● Your objective: Give again only what runs from the line with "this 1600×1067 image." to the final line of the entries below, exactly as written and without pictures.

[Text-to-region grounding data]
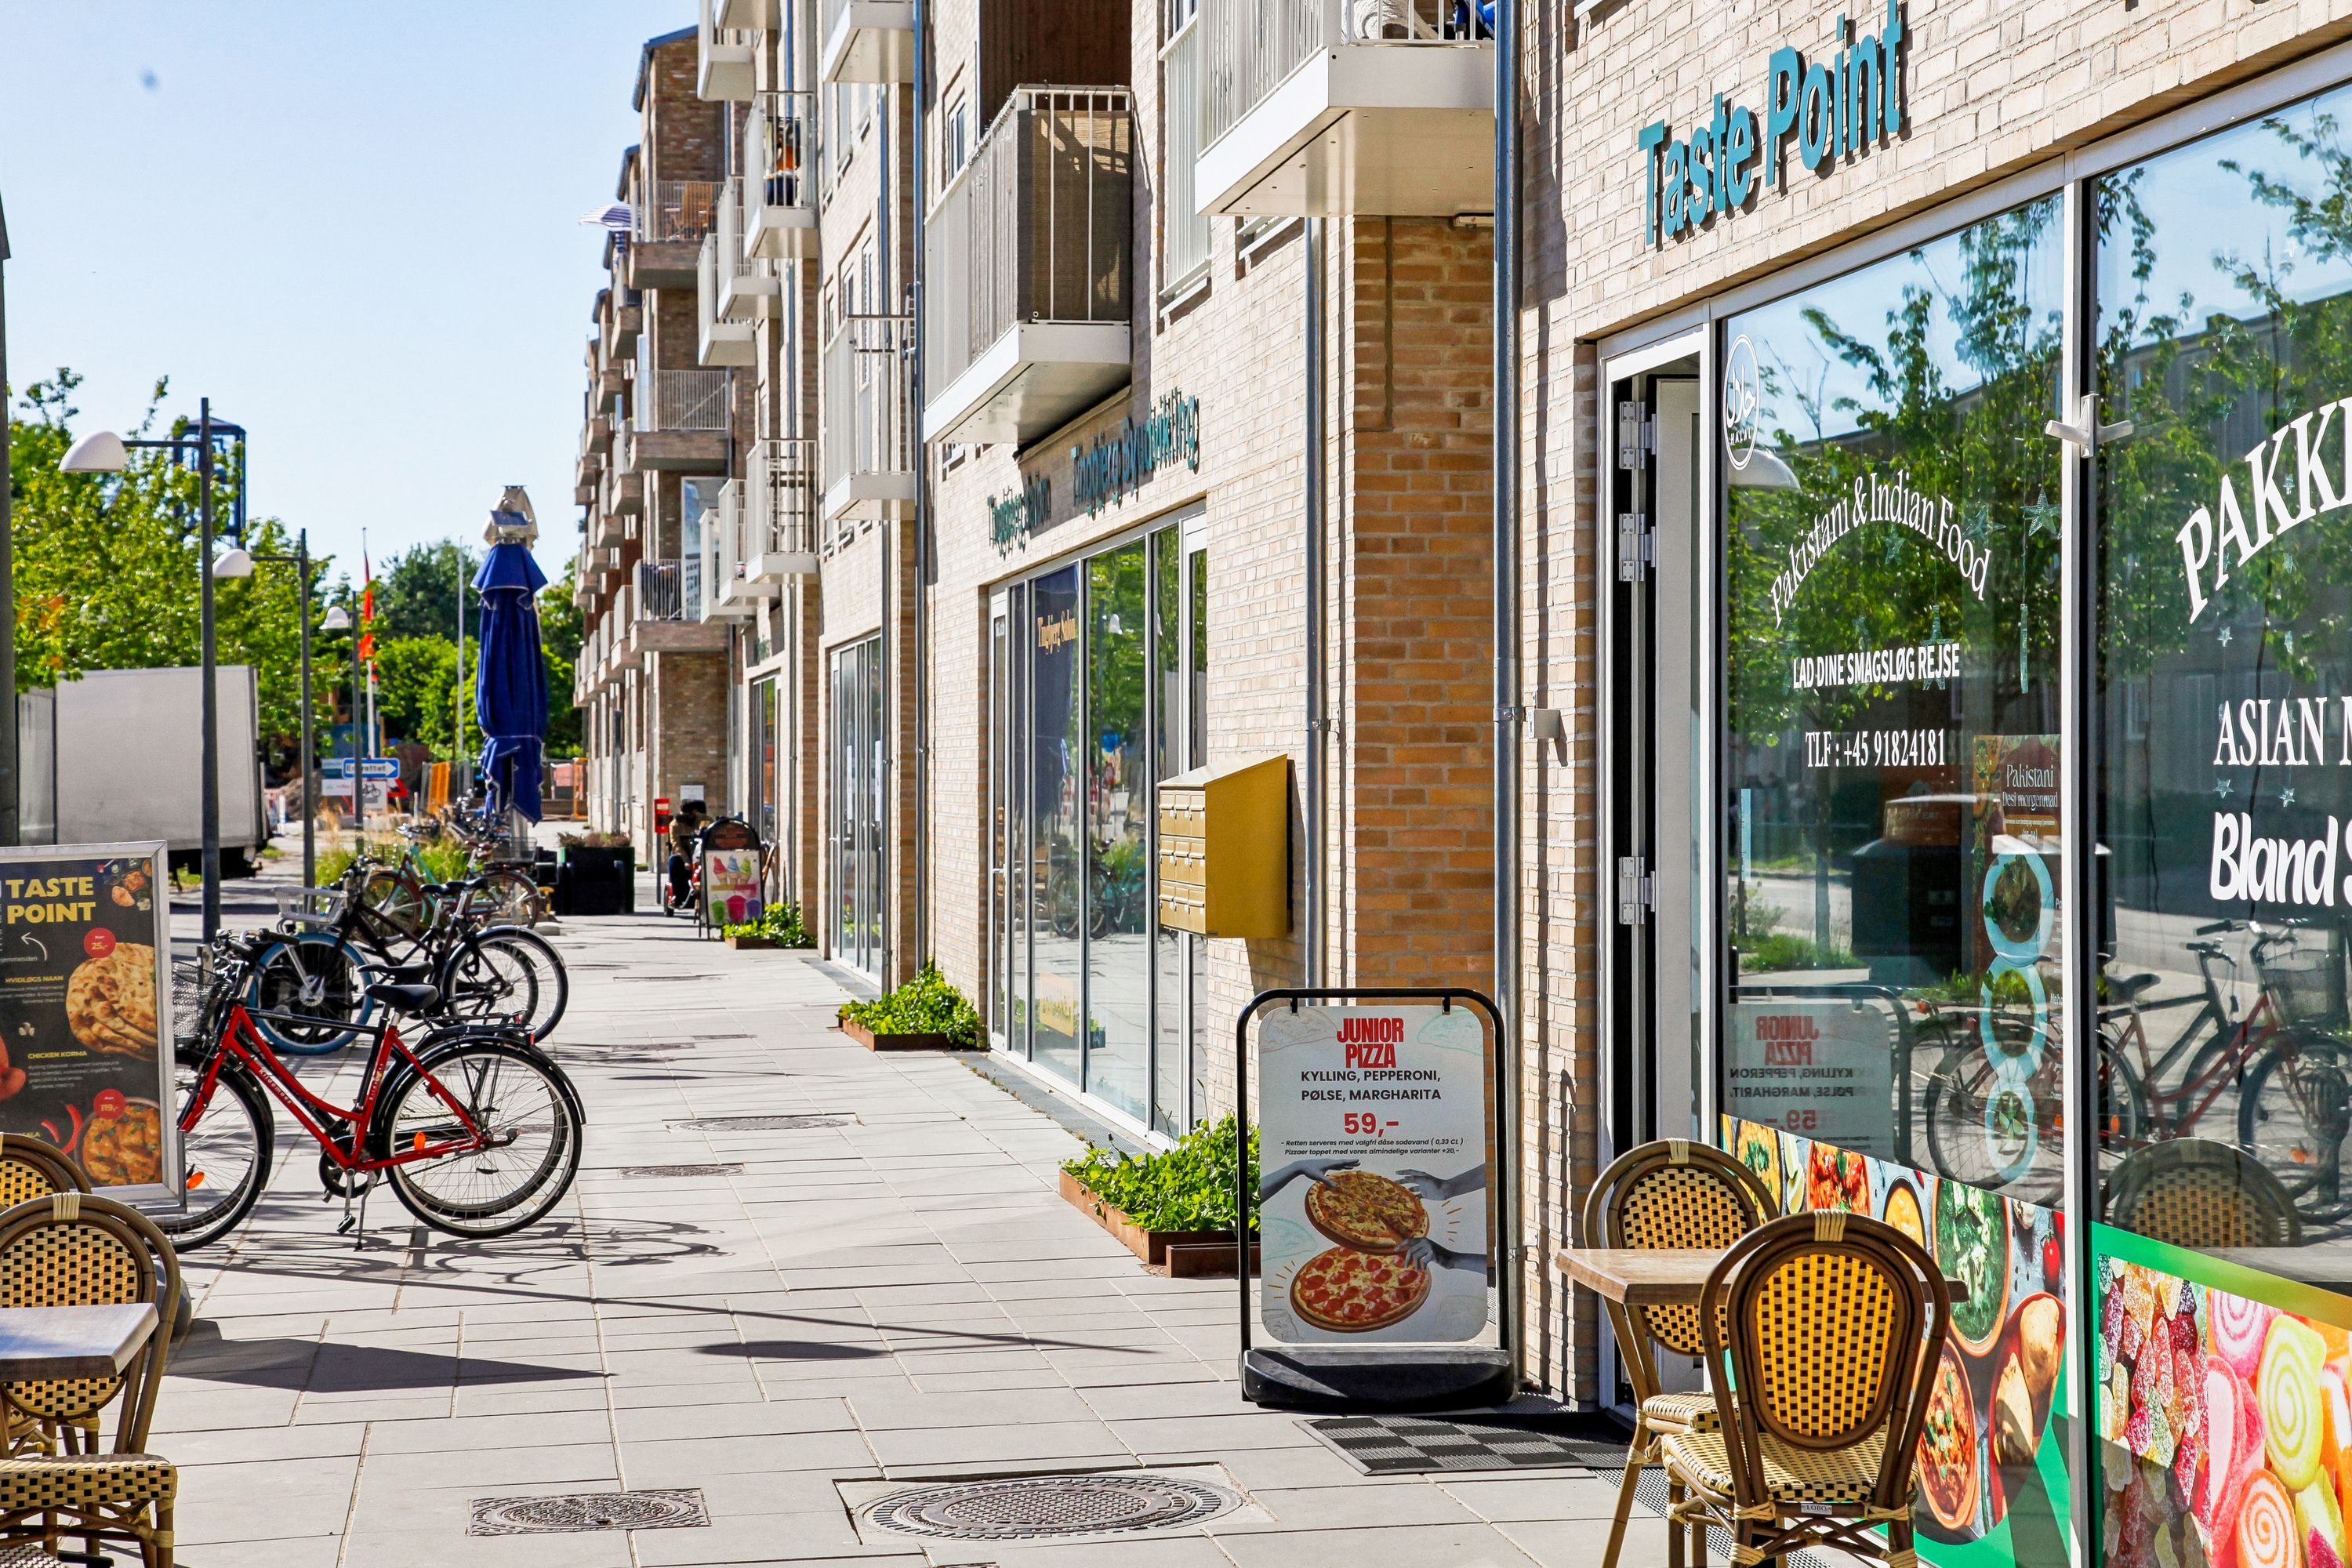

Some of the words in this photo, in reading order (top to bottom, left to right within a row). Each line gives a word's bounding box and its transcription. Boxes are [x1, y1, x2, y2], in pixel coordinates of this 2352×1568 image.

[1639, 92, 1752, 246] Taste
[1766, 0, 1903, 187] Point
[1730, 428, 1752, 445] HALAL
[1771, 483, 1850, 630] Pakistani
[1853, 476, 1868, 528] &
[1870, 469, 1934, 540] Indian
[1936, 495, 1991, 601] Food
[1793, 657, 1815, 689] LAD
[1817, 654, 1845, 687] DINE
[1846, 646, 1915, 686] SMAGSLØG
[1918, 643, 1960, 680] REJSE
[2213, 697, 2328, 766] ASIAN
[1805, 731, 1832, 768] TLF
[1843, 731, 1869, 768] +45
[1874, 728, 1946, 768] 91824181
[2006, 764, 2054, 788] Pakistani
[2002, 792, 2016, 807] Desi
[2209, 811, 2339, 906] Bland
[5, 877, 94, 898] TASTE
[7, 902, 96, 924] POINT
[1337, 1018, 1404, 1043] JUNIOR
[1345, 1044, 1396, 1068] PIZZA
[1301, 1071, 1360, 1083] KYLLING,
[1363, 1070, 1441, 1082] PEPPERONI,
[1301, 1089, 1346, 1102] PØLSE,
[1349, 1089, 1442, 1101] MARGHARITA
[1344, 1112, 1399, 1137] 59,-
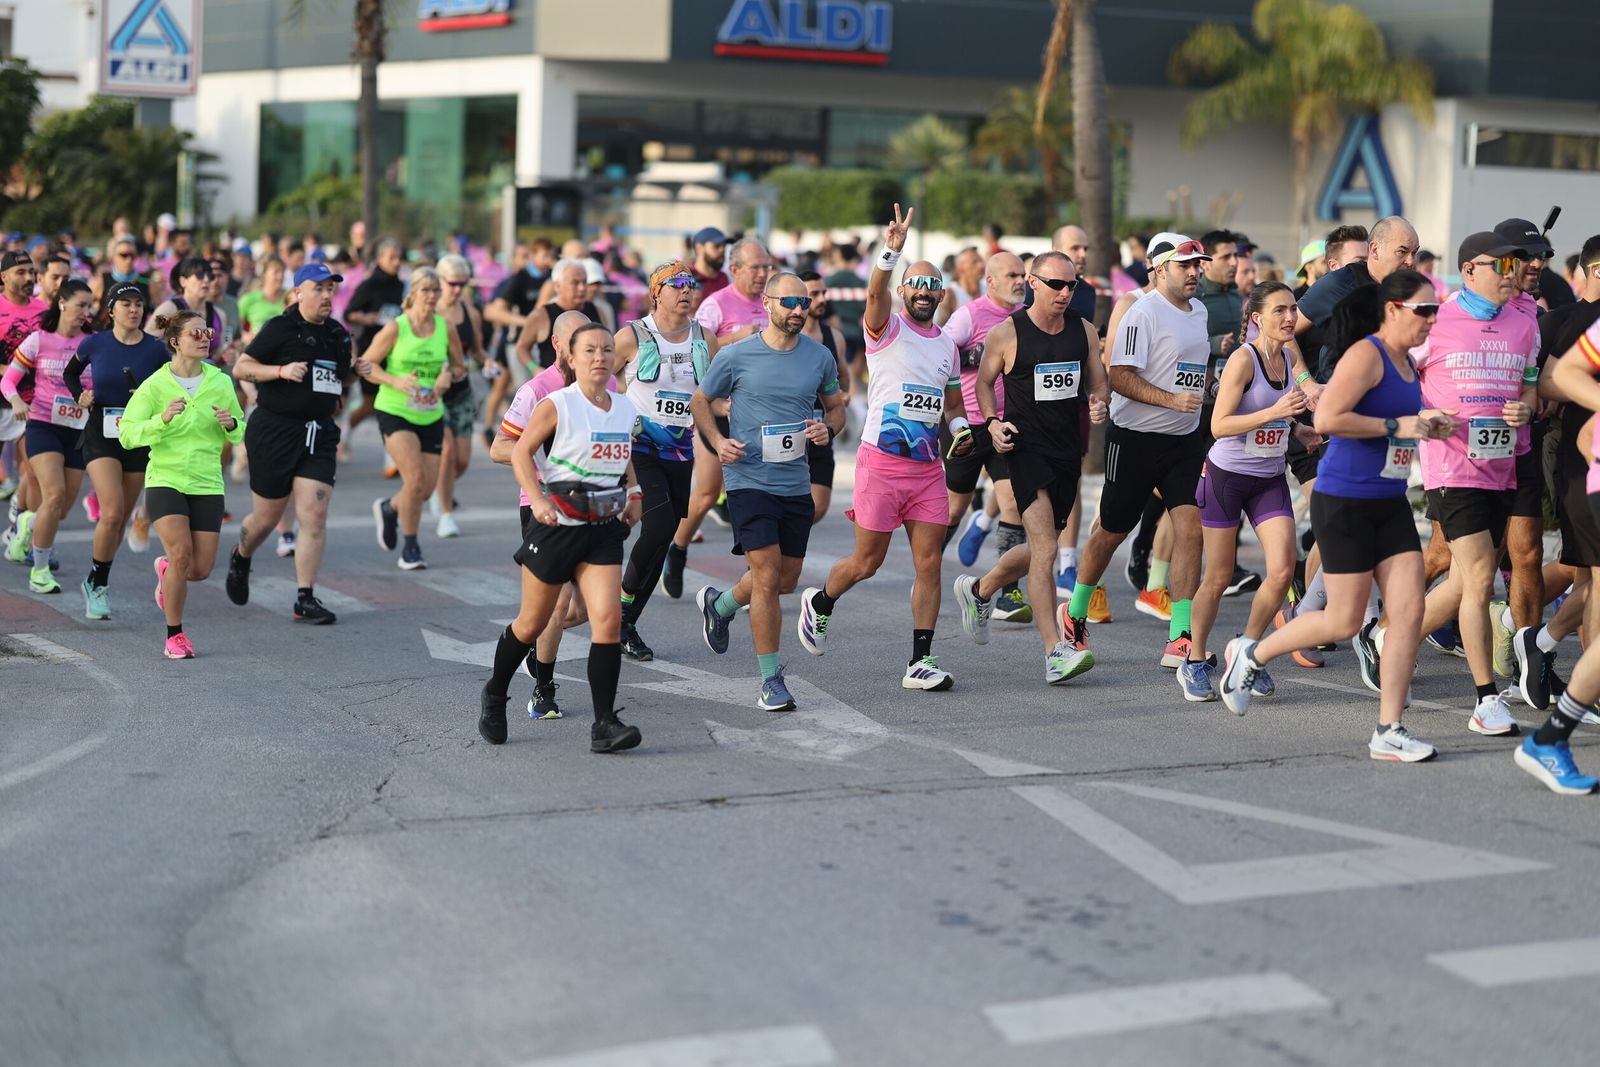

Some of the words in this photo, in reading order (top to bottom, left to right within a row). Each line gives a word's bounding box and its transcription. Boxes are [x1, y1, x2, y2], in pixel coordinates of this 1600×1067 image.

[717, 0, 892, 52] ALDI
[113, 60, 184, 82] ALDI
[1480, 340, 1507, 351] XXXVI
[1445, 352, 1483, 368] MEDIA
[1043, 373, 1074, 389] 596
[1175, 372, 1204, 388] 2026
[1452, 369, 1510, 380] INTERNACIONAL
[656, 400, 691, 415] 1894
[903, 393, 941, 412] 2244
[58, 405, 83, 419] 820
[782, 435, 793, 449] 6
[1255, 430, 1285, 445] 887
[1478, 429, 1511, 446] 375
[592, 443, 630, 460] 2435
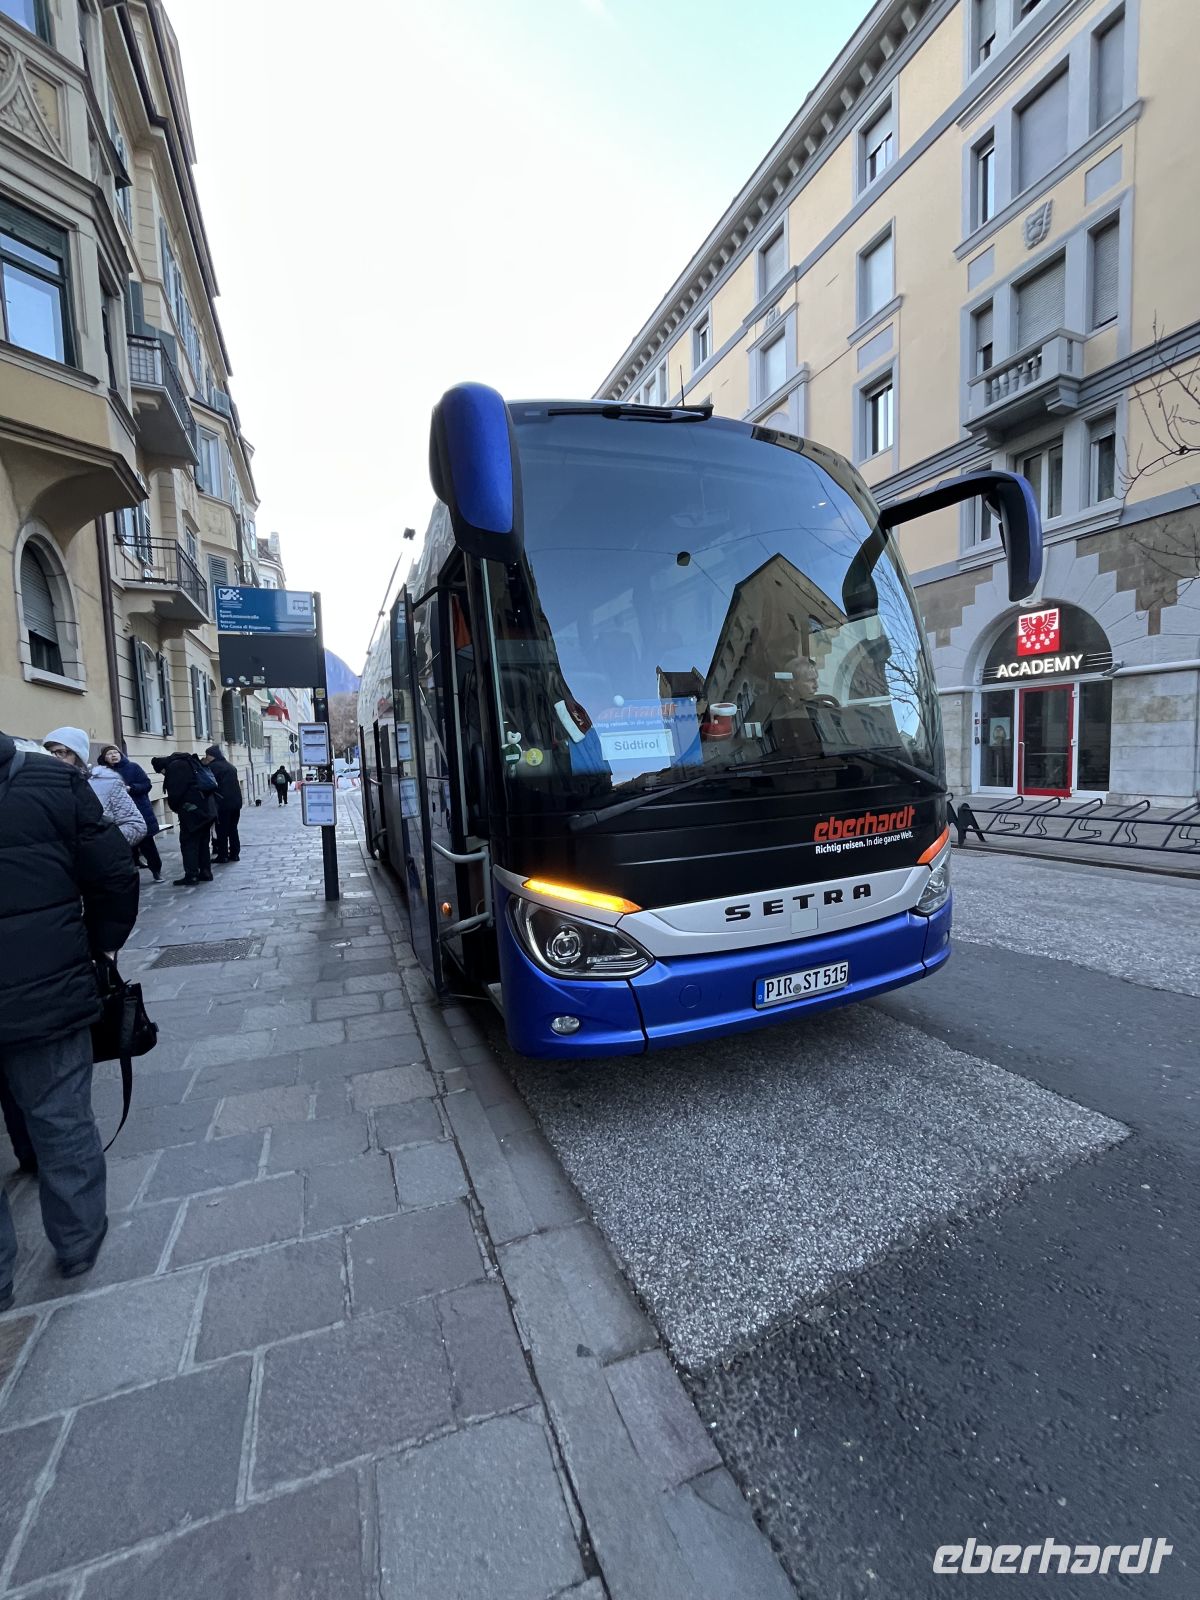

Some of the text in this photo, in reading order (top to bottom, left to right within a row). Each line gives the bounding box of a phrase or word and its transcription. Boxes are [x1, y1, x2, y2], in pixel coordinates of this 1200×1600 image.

● Task output:
Some of the words in this photo, in reading order (top to bottom, left to right within a row). Each line gives a word's bounding box and its transcription. Boxes are [x1, y1, x2, y2], in pixel coordinates of this 1600×1067 image.

[717, 0, 892, 52] ALDI
[113, 60, 184, 82] ALDI
[1480, 340, 1507, 351] XXXVI
[1445, 352, 1483, 368] MEDIA
[1043, 373, 1074, 389] 596
[1175, 372, 1204, 388] 2026
[1452, 369, 1510, 380] INTERNACIONAL
[656, 400, 691, 415] 1894
[903, 393, 941, 412] 2244
[58, 405, 83, 419] 820
[782, 435, 793, 449] 6
[1255, 430, 1285, 445] 887
[1478, 429, 1511, 446] 375
[592, 443, 630, 460] 2435

Some of the text in this photo, in reading order (top to bottom, left to right within a row). Each line gives the bounding box of a phrase or word and its transcription. Boxes are [x1, y1, x2, y2], in pixel coordinates of this 1200×1600 image.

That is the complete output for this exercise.